November 22. Another telegram saying he couldn’t get a call through, (after trying for five hours);
but yes, he wanted her to come, the quicker the better. 

❧ I wish I hadn’t asked her tell me how it felt to be old. It was not her responsibility to satisfy my curiosity. I’m glad I didn’t push. It wasn’t really what I was asking anyway. I was asking her for the first time in her life to be in touch with her inner self. I was asking her to share her Self with me. So I could share my Self.
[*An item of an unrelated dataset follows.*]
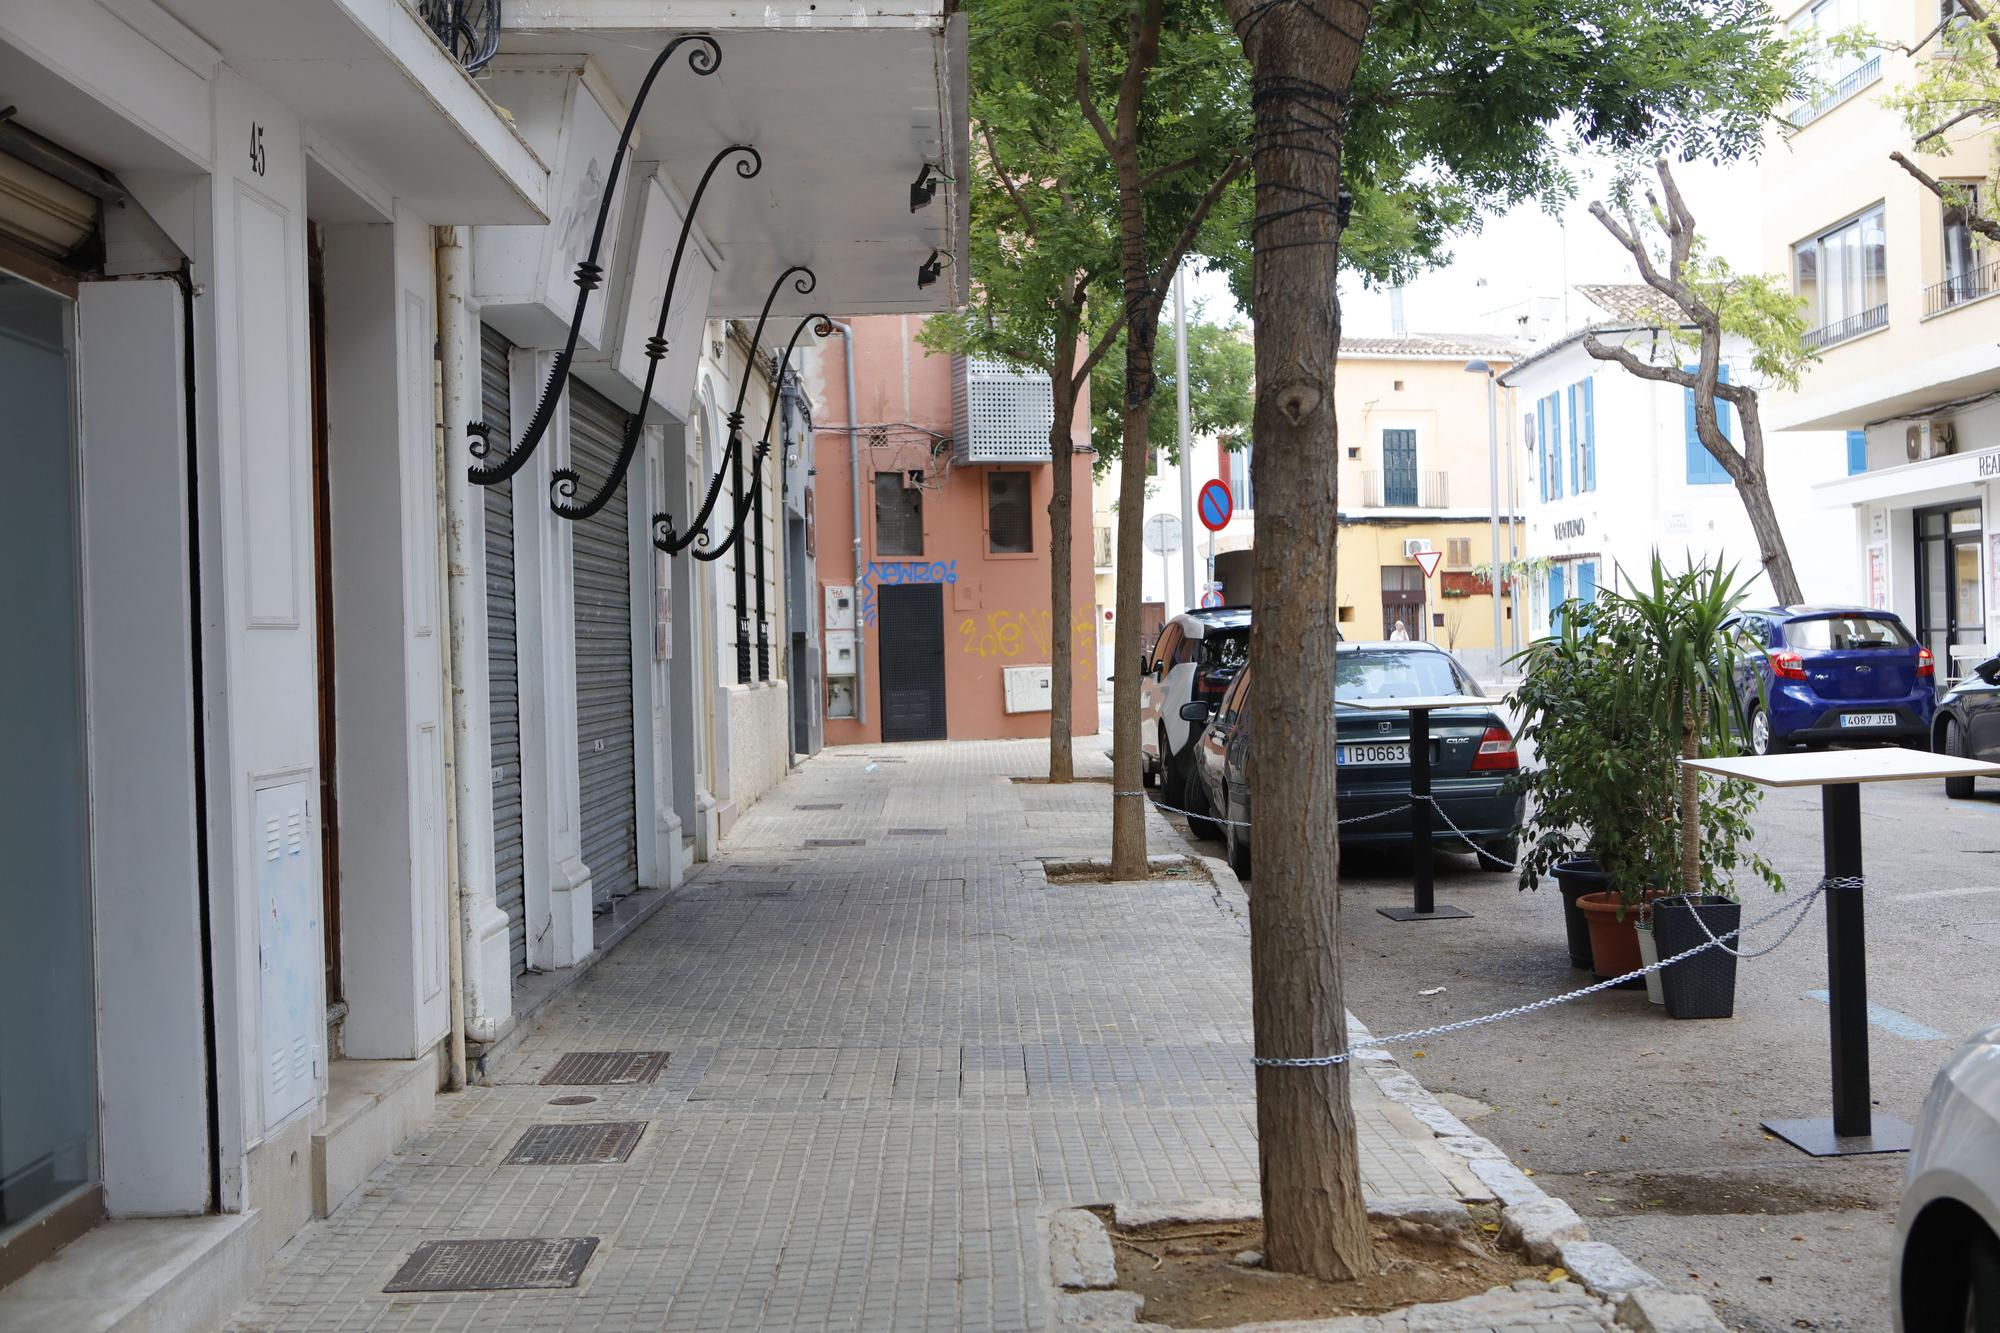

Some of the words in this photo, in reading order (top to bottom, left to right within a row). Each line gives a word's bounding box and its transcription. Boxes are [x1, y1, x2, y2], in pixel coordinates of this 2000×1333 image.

November 23. He writes another letter and is waiting again for her reply, by mail or telegram,
hoping he wasn’t putting her on the spot.
He was sorry he wasn’t clear in the previous letter that he was definite about her coming.
“Maybe I did have too many ‘ifs’ in it.” But he needed for her to decide for herself,
knowing she might arrive and find him gone, deployed.
With no way to let her know. 

❧ A memory: She drove me back to college after some holiday and walked with me from visitor parking to my dorm. She held my hand as we walked. I was uncomfortable and embarrassed. But I didn’t pull away. One thing I saved myself from regretting much later.

November 27. She got her blood test, a wedding dress, and a train ticket. George writes his parents that Stellajoe was leaving Spokane that night, Saturday, and expected to arrive in Dallas at 8am Monday morning, November 29, after some thirty-six hours sitting up on the train. “Probably we’ll get married Tuesday afternoon.”

❧ We gave her Alexa for her last Christmas. She loved Alexa, and astonished us by being able to summon her. Mostly she asked Alexa to tell her jokes. Alexa kept her company, a voice in the silence. I regret not learning to program her to do more than tell bad jokes.

They “tied the knot” at 6pm, November 30, 1943.
With, in spite of rationing, a handful of rice for the four attendants and guests to throw. 

❧ After she died, and I was going through boxes of her notes and partially used journals and unsent letters, I found one in which she wrote her longing to have a different relationship with me. I didn’t know. We never said the words. We couldn’t let each other in. That is what I most regret. And the well is deep. And maybe it was always too late to pull up that bucket, neither of us were raised to bare our souls. I regret something that could not have been different.

Six weeks later, George deployed. He returned April 25, 1946. 

“I thought I’d come back to give my mother another chance.
I’m starting to think it was so she could give me one.”


❧ I wish I’d taken better advantage of this second chance. And I was too tired just trying to get through the days. But maybe just having a second chance was enough, maybe it was everything. Someone said to me had I only stayed the year I expected, I would not have gained what I eventually found.

She told me, years later, he insisted she use birth control, which she didn’t believe in.
“He was afraid he wouldn’t make it back home from Europe
and didn’t want to leave me with a child to raise alone.
If he didn’t come back, I wanted a child.
To keep a piece of him.”

I am one of those pieces. I wasn’t perfect. But I was enough.